Action item:
Only the lines from the one containing "this 1344×1512 image." through the end of the data belong in the answer; reproduce them exactly.

────────────────────────────────────────

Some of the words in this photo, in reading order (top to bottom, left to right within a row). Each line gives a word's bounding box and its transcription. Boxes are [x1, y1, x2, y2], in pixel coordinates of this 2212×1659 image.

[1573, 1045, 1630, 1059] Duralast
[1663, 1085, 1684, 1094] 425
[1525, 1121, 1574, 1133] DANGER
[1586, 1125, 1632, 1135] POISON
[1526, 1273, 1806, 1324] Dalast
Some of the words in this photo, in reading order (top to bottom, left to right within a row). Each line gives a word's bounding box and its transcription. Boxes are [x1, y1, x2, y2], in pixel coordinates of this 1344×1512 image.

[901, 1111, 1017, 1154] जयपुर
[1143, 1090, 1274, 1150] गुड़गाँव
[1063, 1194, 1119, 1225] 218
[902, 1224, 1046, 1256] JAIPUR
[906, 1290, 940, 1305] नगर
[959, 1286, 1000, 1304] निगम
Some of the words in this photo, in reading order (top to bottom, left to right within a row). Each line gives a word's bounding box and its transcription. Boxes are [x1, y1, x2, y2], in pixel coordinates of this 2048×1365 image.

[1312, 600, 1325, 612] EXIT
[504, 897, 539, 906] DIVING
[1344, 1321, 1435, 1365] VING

────────────────────────────────────────

Response for this exercise:
Some of the words in this photo, in reading order (top to bottom, left to right within a row). Each line gives a word's bounding box and its transcription. Boxes are [x1, y1, x2, y2], in pixel coordinates of this 1344×1512 image.

[901, 1111, 1017, 1154] जयपुर
[1143, 1090, 1274, 1150] गुड़गाँव
[1063, 1194, 1119, 1225] 218
[902, 1224, 1046, 1256] JAIPUR
[906, 1290, 940, 1305] नगर
[959, 1286, 1000, 1304] निगम
Some of the words in this photo, in reading order (top to bottom, left to right within a row). Each line gives a word's bounding box and its transcription. Boxes are [x1, y1, x2, y2], in pixel coordinates of this 2048×1365 image.

[1312, 600, 1325, 612] EXIT
[504, 897, 539, 906] DIVING
[1344, 1321, 1435, 1365] VING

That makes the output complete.